(福島 香織:ジャーナリスト)

 中国・四川省成都で最近起きた奇怪な騒動についてまとめておきたい。「成都第七中小学校における腐乱給食騒動」だ。

 日本の一部メディアも、腐った学校給食を食べさせられた児童がお腹を壊し、抗議デモを行った保護者と警官隊が衝突、といったあたりまでは報じていたかもしれない。だが、その後の「学校給食が腐っていた」というSNS情報事態がフェイクニュースだとする当局サイドの主張およびその顛末についてはあまり知られていないのではないか。中国におけるフェイクニュースの怖さを感じさせる典型的事件だと思うので、まとめておきたい。

下痢や血便の症状を訴える子供たち

 事件の発端は3月12日に中国のSNS「微博」に投稿された写真だった(下の写真)。
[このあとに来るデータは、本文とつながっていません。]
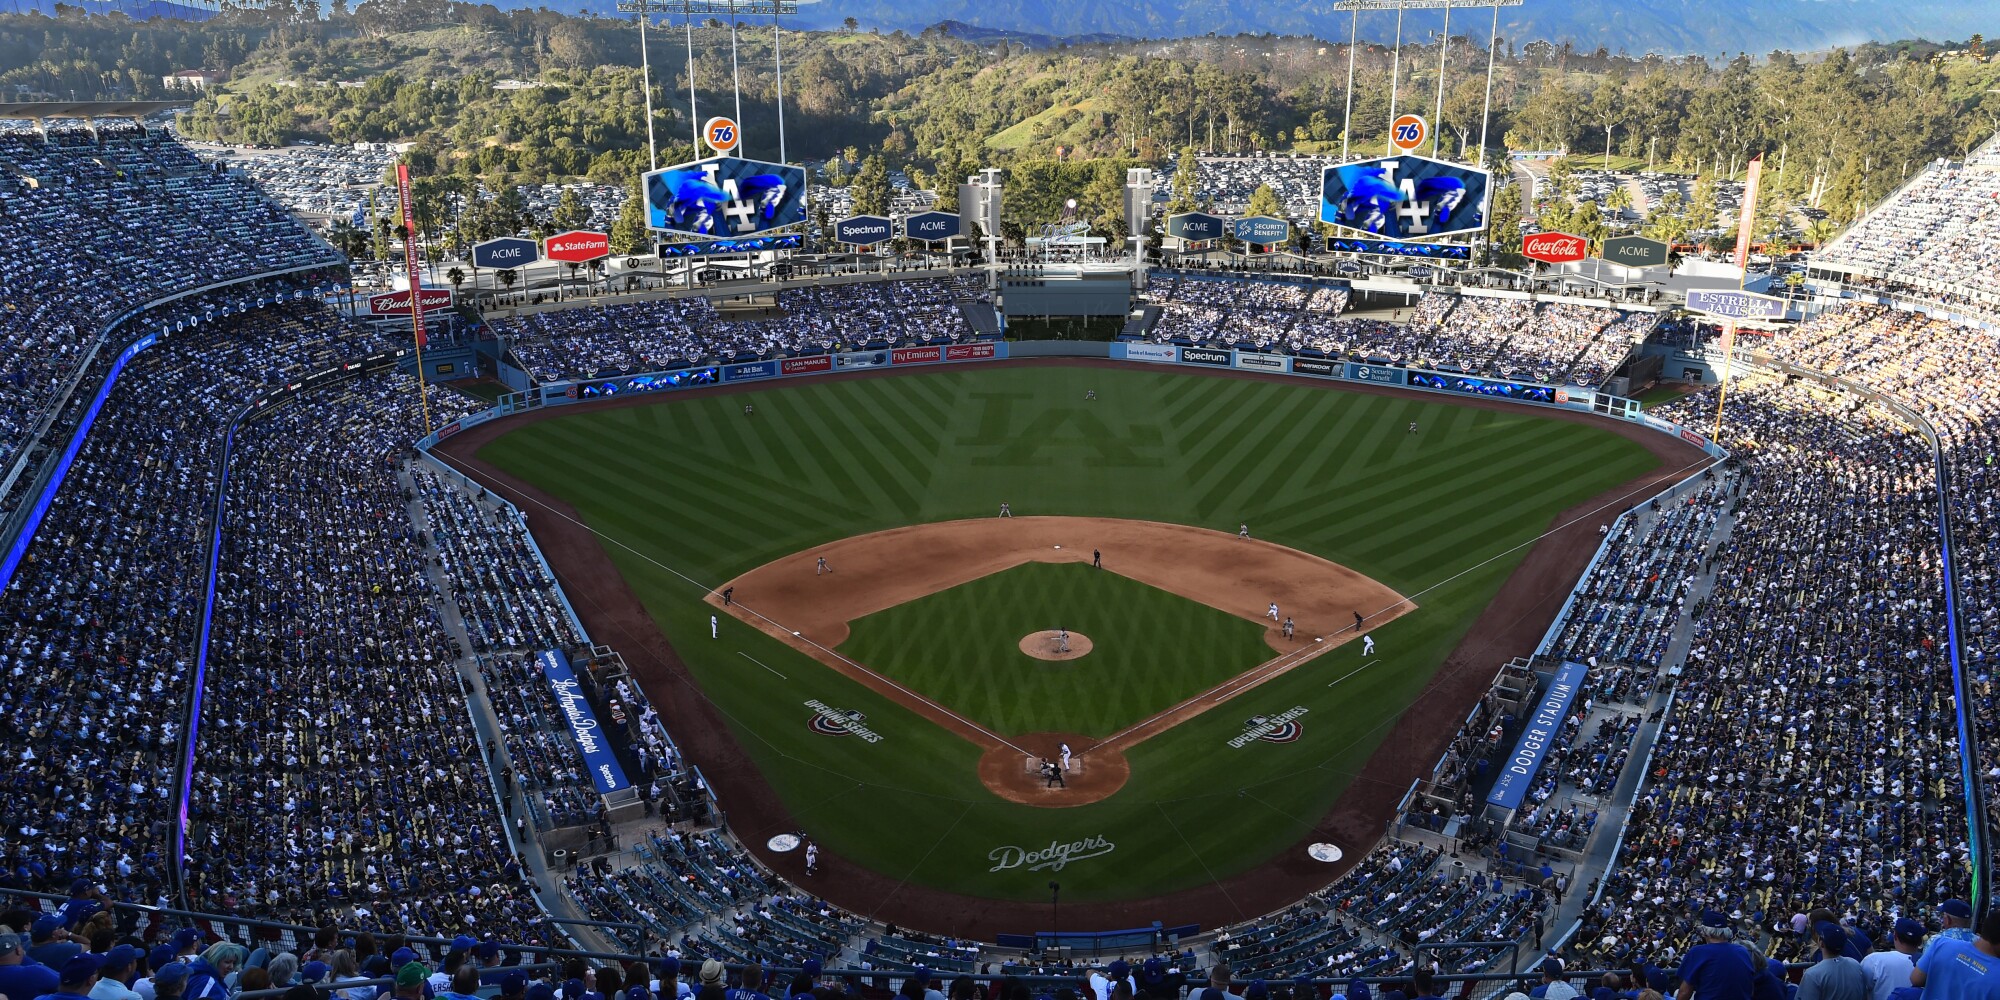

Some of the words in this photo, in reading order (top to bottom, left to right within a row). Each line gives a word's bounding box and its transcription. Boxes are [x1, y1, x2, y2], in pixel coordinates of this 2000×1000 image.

[713, 126, 733, 142] 76
[1396, 124, 1419, 141] 76
[402, 180, 410, 207] Emirates
[842, 226, 885, 236] Spectrum
[920, 221, 946, 231] ACME
[1040, 219, 1092, 241] Dodgers
[1182, 222, 1208, 232] ACME
[408, 236, 417, 265] Emirates
[491, 248, 522, 259] ACME
[1528, 238, 1576, 256] Coca-Cola
[1619, 246, 1649, 257] ACME
[1410, 267, 1432, 276] DASANI
[374, 296, 449, 312] Budeiser
[414, 291, 422, 319] Emirates
[1700, 293, 1774, 310] ESTRELLA
[1706, 304, 1766, 316] JALISCO
[893, 352, 906, 361] Fly
[907, 350, 939, 359] Emirates
[1184, 351, 1226, 362] Spectrum
[1371, 368, 1394, 376] Security
[545, 651, 558, 668] Spectrum
[552, 679, 577, 696] Los
[560, 692, 586, 723] Angeles
[804, 699, 850, 724] OPENING
[842, 721, 884, 743] SERIES
[1226, 723, 1276, 748] OPENING
[1270, 706, 1309, 726] SERIES
[1511, 729, 1548, 775] DODGER
[1537, 684, 1571, 726] STADIUM
[574, 719, 600, 754] Dodgers
[599, 764, 616, 788] Spectrum
[988, 834, 1115, 872] Dodgers
[735, 991, 756, 1000] PUIG
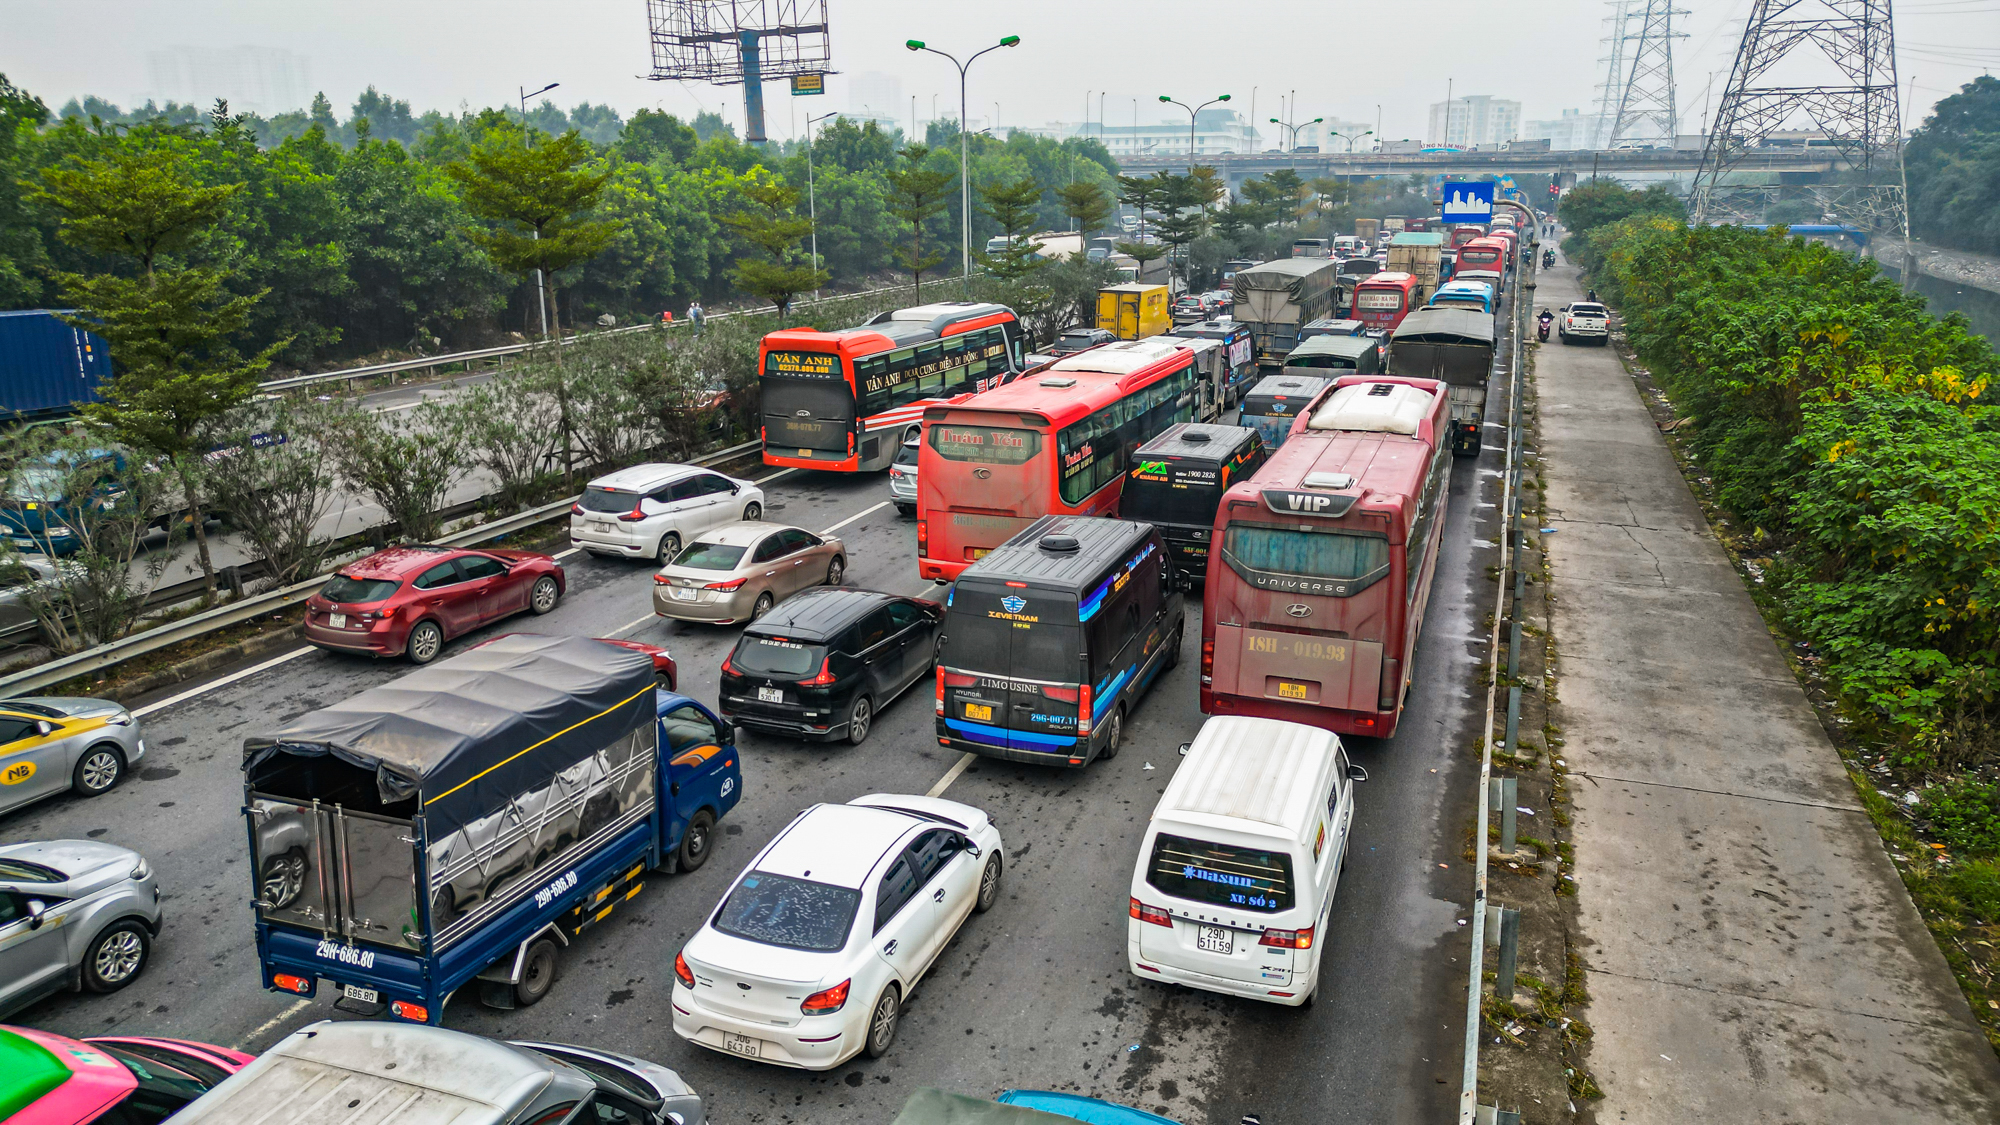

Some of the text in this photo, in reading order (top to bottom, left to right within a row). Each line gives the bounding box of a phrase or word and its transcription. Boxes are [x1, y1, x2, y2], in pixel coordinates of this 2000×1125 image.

[775, 353, 833, 366] VÂN ANH
[866, 375, 883, 392] VÂN
[884, 371, 901, 387] ANH
[919, 362, 938, 377] CUNG
[939, 355, 954, 371] ĐIỆN
[962, 350, 979, 365] ĐỘNG
[940, 428, 1024, 448] Tuân Yến
[1287, 494, 1331, 512] VIP
[1257, 577, 1346, 593] UNIVERSE
[1248, 635, 1278, 653] 18H
[1293, 641, 1346, 661] 019.93
[955, 689, 982, 698] HYUNDAI
[981, 678, 1038, 694] LIMOUSINE
[967, 710, 989, 720] 007.11
[1030, 713, 1077, 725] 29G-007.11
[8, 765, 30, 780] NB
[534, 870, 578, 909] 29H-686.80
[1230, 893, 1246, 904] XE
[1268, 899, 1277, 909] 2
[1207, 927, 1225, 940] 29D
[1199, 937, 1231, 953] 511.59
[316, 940, 375, 969] 29H-686.80
[347, 987, 374, 1002] 686.80
[727, 1037, 756, 1056] 643.60
その写真は、成都の第七実験中学小学校の学校食堂の冷凍庫にあった食材を写したもので、カビが生えていたり、肉の色が変質していたり、肉にゴミか小さな虫がついているようなものがあったり、あるいは鶏肉に硫黄がまぶしてあるようなものもあった。コメント欄には「こんなものを小学生に食べさせているのか?」「成都七中は成都市温江区直轄の教育機関だろう。ちゃんと現場の証拠を押さえてくれ」「前学期から子供たちは不調を訴えていたのに、学校側は改善してくれなかった」──などと書かれていた。

SNS「微博」への投稿

 このSNSはあっという間に拡散し、保護者たちの間で大騒ぎとなった。一部保護者たちは、食堂で大量の腐敗した食材が見つかったこと、食品添加物も大量にあったことなどを、匿名でネットメディアに証言していた。また保護者たちは自分の子供が下痢や血便の症状を訴えているとSNSで発信していた。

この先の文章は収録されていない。